Copy the entries word for word. Keep the pictures out.

(Source records)
____________
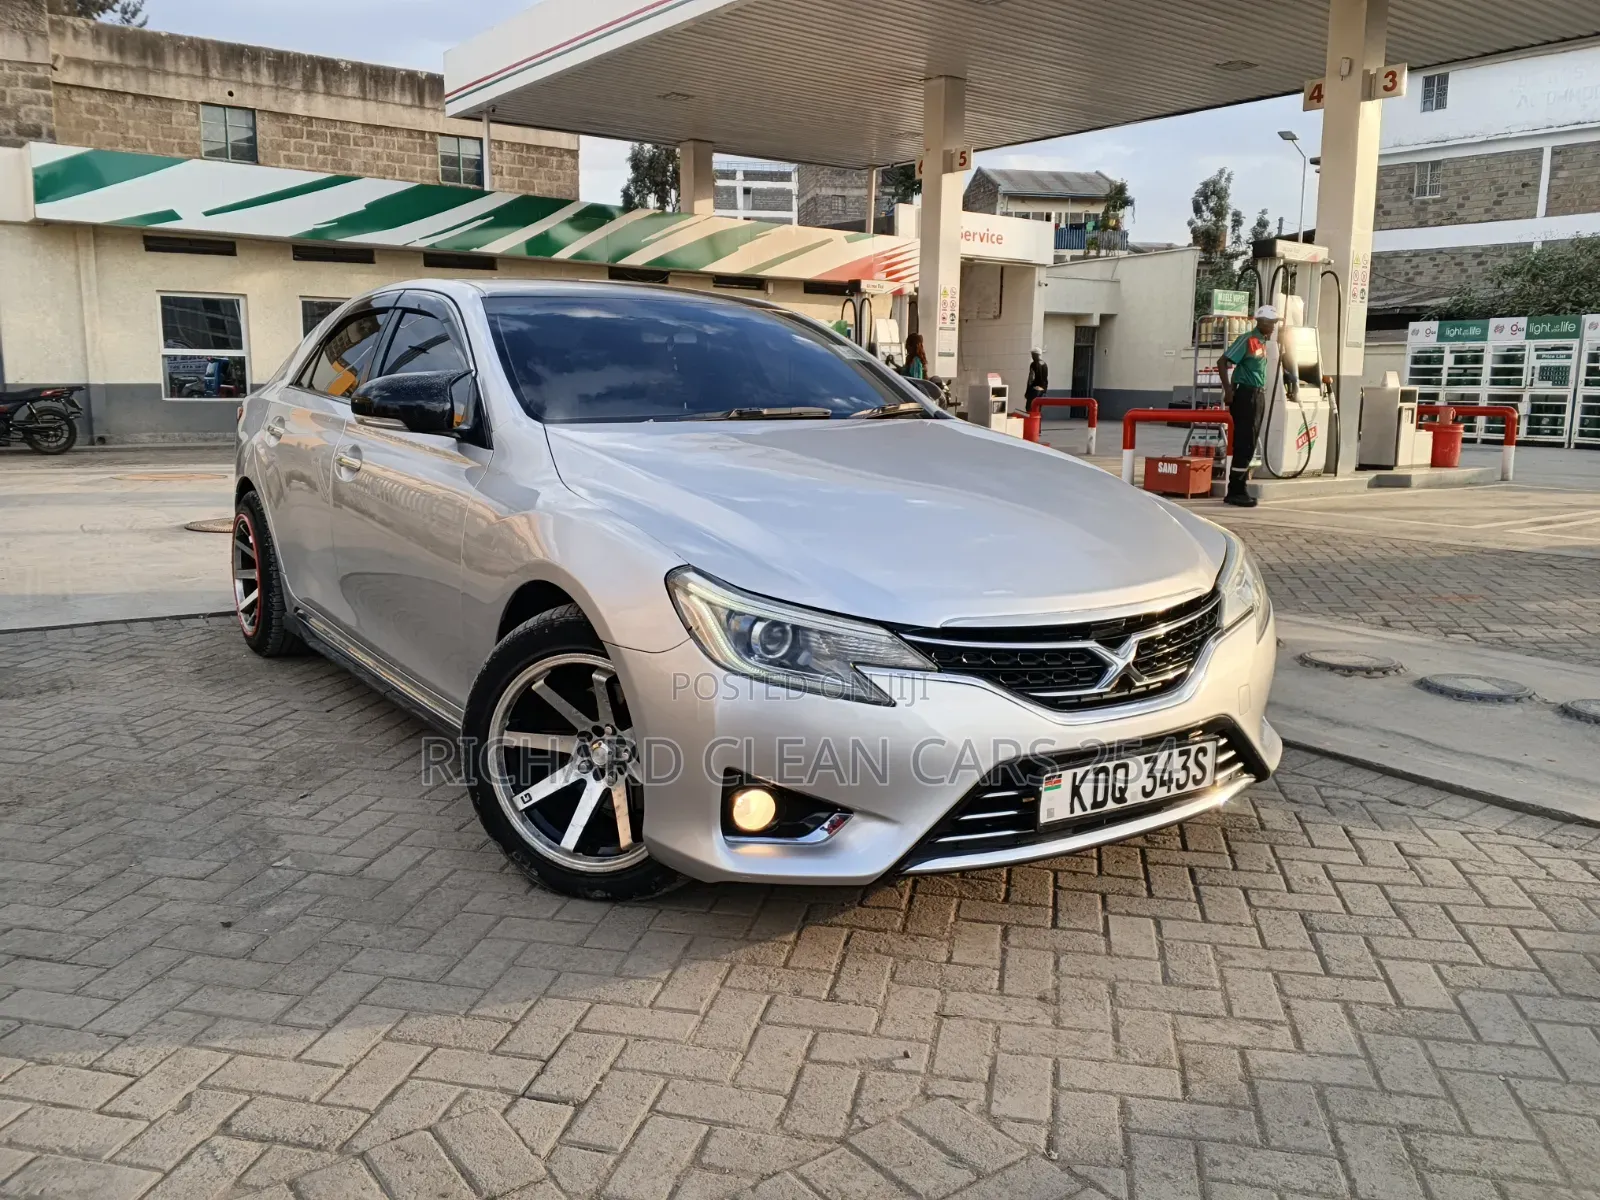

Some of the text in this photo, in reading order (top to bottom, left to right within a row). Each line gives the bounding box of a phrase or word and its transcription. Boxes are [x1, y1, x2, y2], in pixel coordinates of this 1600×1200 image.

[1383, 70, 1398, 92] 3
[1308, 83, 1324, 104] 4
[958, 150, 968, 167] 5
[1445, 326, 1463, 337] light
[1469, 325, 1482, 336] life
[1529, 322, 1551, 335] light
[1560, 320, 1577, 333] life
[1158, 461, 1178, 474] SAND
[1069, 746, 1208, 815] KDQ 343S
____________
* _Written reply_:
Some of the text in this photo, in reading order (top to bottom, left to right within a row). Each line gives the bounding box of a phrase or word and its transcription. Boxes are [x1, y1, x2, y2], in pixel coordinates of this 1600×1200 image.

[1383, 70, 1398, 92] 3
[1308, 83, 1324, 104] 4
[958, 150, 968, 167] 5
[1445, 326, 1463, 337] light
[1469, 325, 1482, 336] life
[1529, 322, 1551, 335] light
[1560, 320, 1577, 333] life
[1158, 461, 1178, 474] SAND
[1069, 746, 1208, 815] KDQ 343S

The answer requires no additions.